Prompt. Please restate the records that follow exactly, skipping their images.
(Beginning of Records supplied)
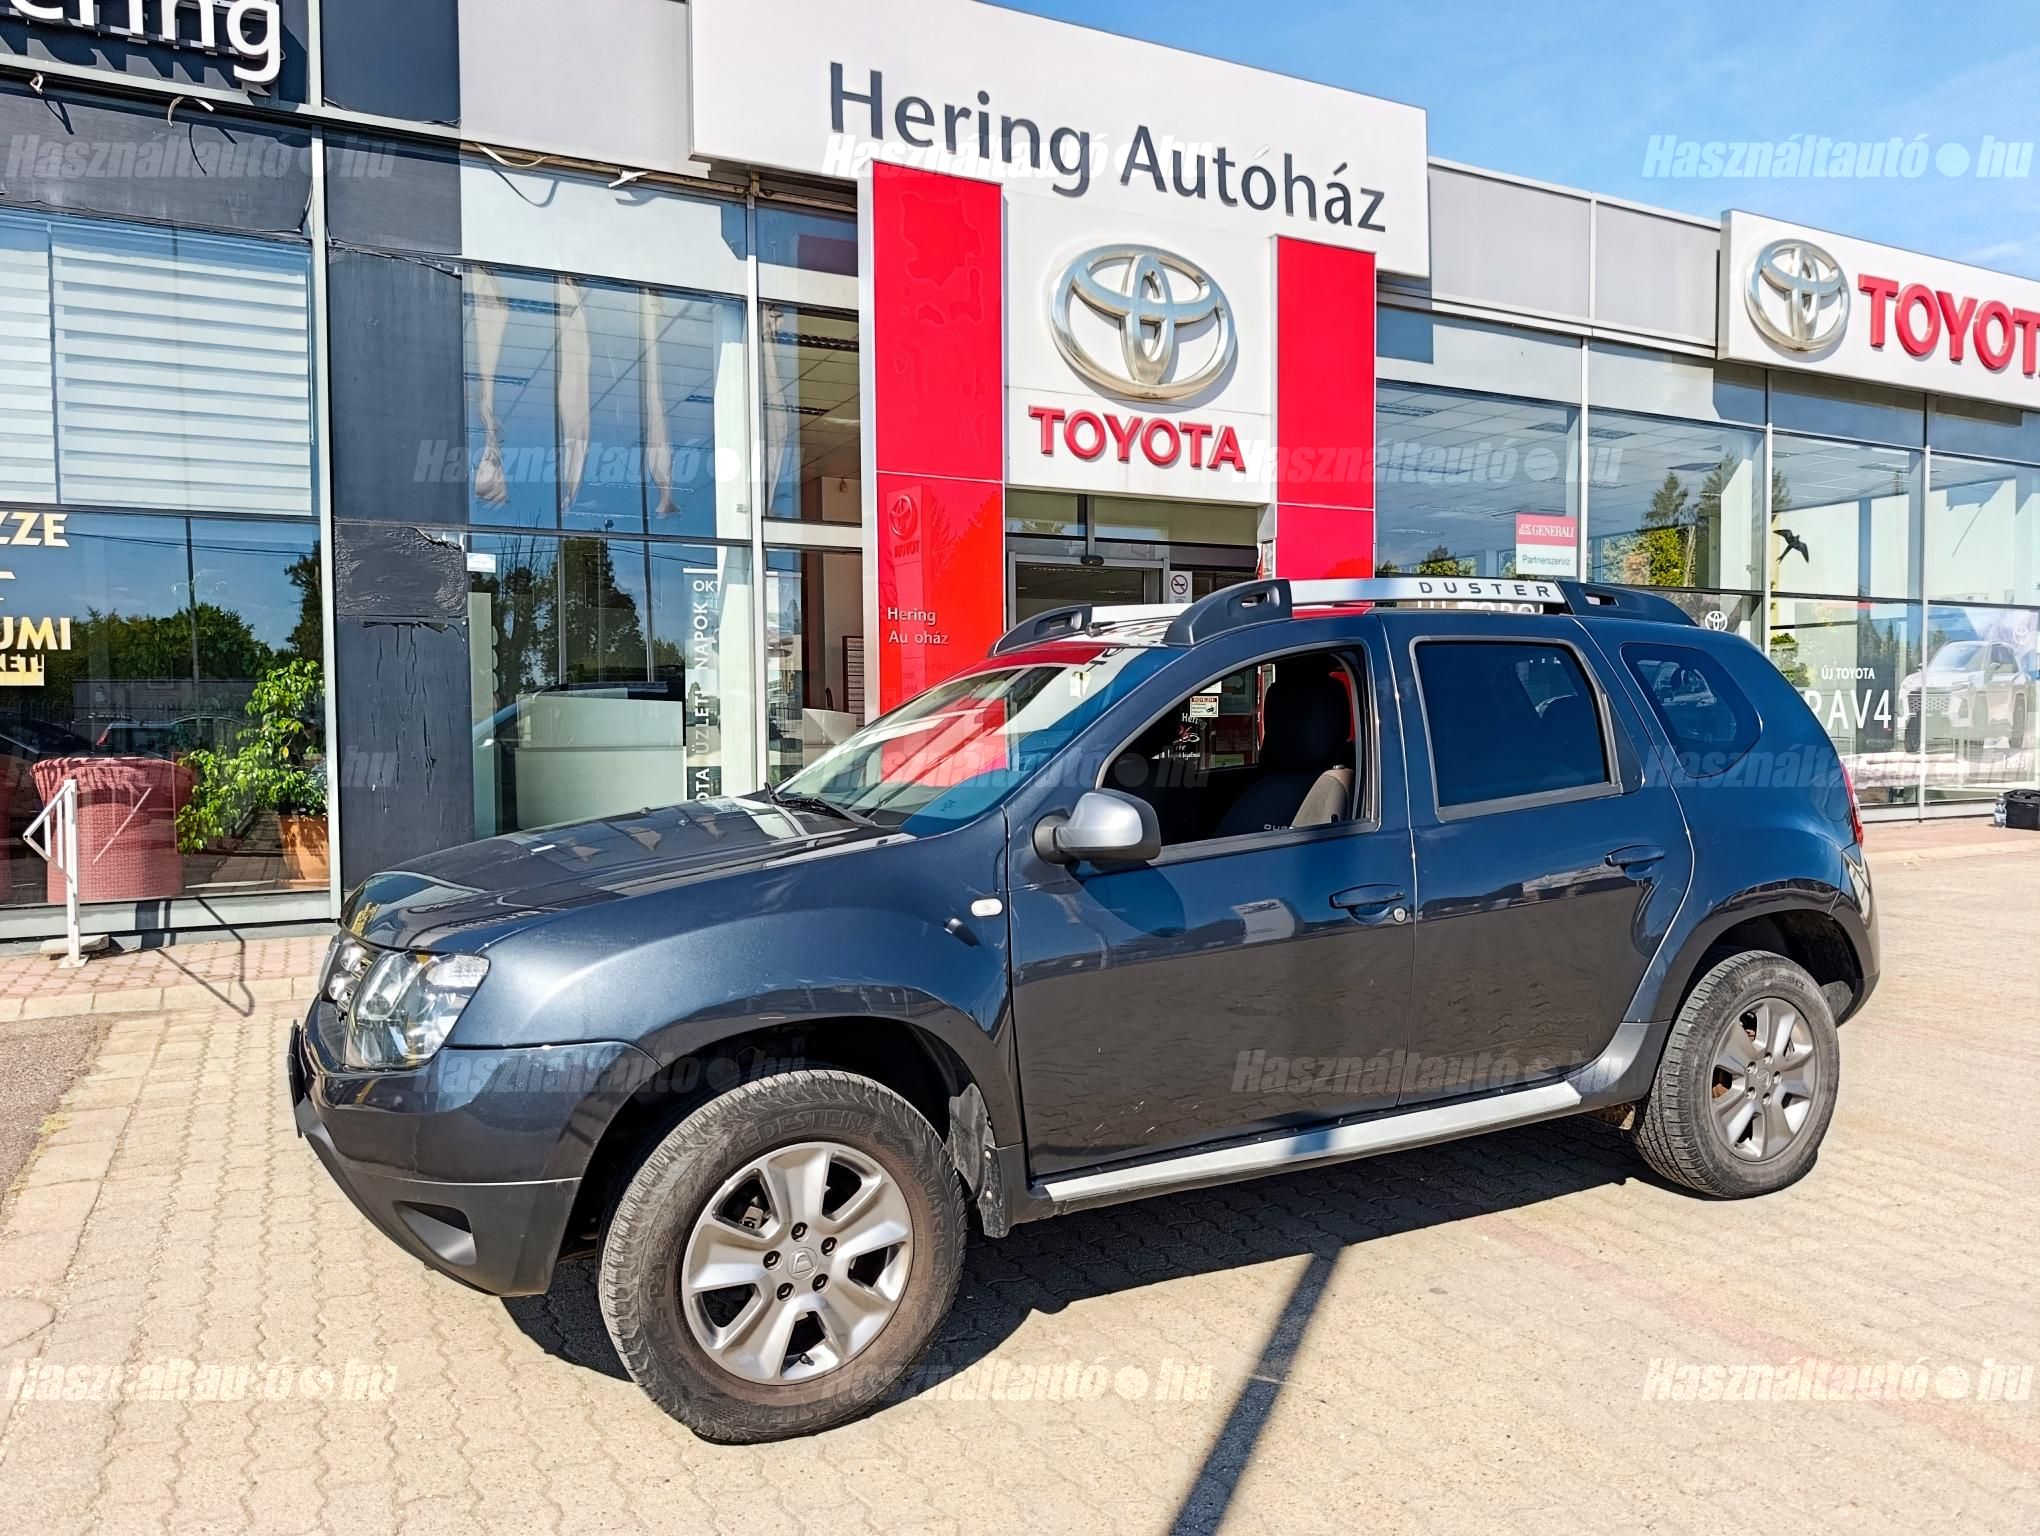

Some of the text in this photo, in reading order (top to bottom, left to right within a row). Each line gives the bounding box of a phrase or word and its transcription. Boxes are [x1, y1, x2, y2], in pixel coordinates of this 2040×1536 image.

[830, 61, 1387, 233] Hering Autóház
[1858, 273, 2040, 378] TOYOT
[1028, 405, 1246, 473] TOYOTA
[1532, 524, 1574, 538] GENERALI
[1522, 554, 1571, 567] Partnerszerviz
[1419, 582, 1551, 598] DUSTER
[887, 607, 936, 626] Hering
[693, 602, 710, 669] NAPOK
[0, 654, 43, 673] ET!
[1821, 665, 1876, 681] ÚJ TOYOTA
[1803, 689, 1892, 730] RAV4
(End of Records supplied)
Task result.
Some of the text in this photo, in reading order (top to bottom, left to right within a row). Each line gives the bounding box of a phrase or word and its transcription. Boxes are [x1, y1, x2, y2], in pixel coordinates of this 2040×1536 image.

[830, 61, 1387, 233] Hering Autóház
[1858, 273, 2040, 378] TOYOT
[1028, 405, 1246, 473] TOYOTA
[1532, 524, 1574, 538] GENERALI
[1522, 554, 1571, 567] Partnerszerviz
[1419, 582, 1551, 598] DUSTER
[887, 607, 936, 626] Hering
[693, 602, 710, 669] NAPOK
[0, 654, 43, 673] ET!
[1821, 665, 1876, 681] ÚJ TOYOTA
[1803, 689, 1892, 730] RAV4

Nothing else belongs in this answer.